L'ombre hypnotique de Pina Bausch

PINA BAUSCH. PHOTOCARLA DANNEMANN REVISTA « YA » DU 24 02 2009
Le 30 juin, Pina tirait sa révérence, foudroyée par un cancer qu'elle ignorait, dit-on, mais dont la fatigue lui donnait sans doute l'alarme. Inspiré par le Chili, terre des séismes et des dictatures, « … como el musguito… » se déroule dans une scénographie aussi sobre que forte : juste un sol blanc qui, de temps à autre, se craquelle.

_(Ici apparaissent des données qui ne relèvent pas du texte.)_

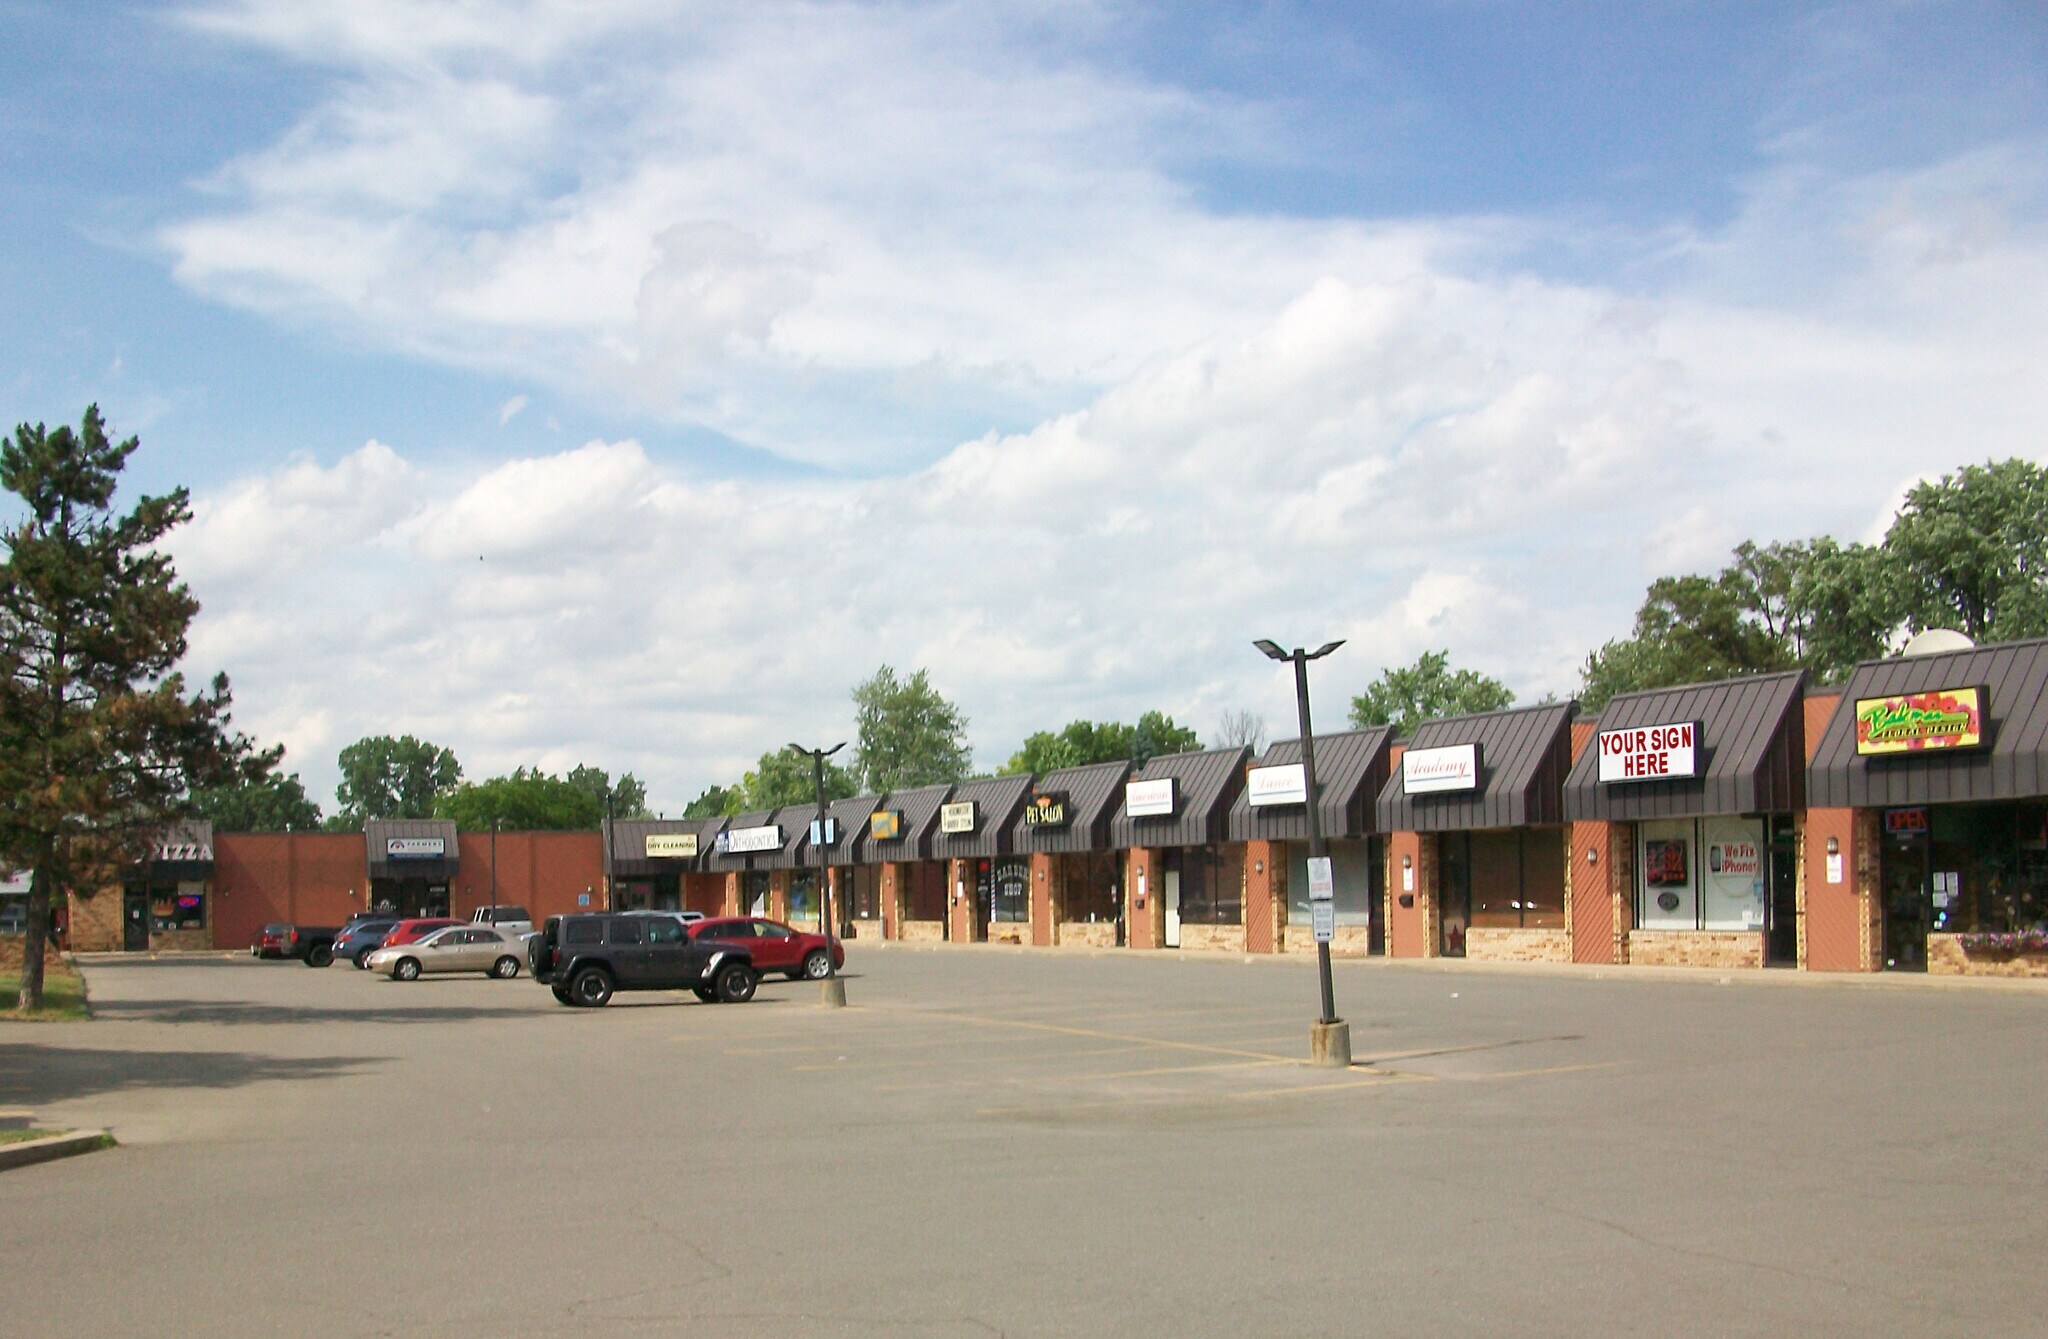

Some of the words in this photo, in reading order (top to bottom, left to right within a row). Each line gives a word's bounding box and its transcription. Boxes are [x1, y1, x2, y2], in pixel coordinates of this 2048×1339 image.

Tout au long de la pièce, la solitude est souveraine. Même si les 17 danseurs donnent des séquences de groupe délicieuses. Même si les danses de couples brillent d'invention. Même si on recense un certain nombre de pépites très bauschiennes dans ces gags qui jouent sur l'endroit et l'envers du machisme, ou dans ces images de terreur (comment oublier la danseuse tirant sur sa corde comme un chien?). Aussi fortes et réussies que soient ces séquences, elles cèdent toutes devant la répétition des solos, entêtants, inéluctables, hypnotiques.

La salle se met debout

Portés par le meilleur des musiques de cet extrême Sud, les danseurs s'y lancent à corps perdu, tâches de couleurs pour les filles, noir pour les garçons, sur l'immensité blanche du plateau. Rien ne peut les atteindre tant ils semblent dans un autre monde : ni la fin du morceau de musique ni la terre qui s'ouvre sous leurs pieds. Ils se montrent tout entier fondus dans l'éternité de la danse, une danse très abstraite. Serait-ce la mort selon Pina, cette errance mystérieuse et têtue, où les sens ne frissonnent plus?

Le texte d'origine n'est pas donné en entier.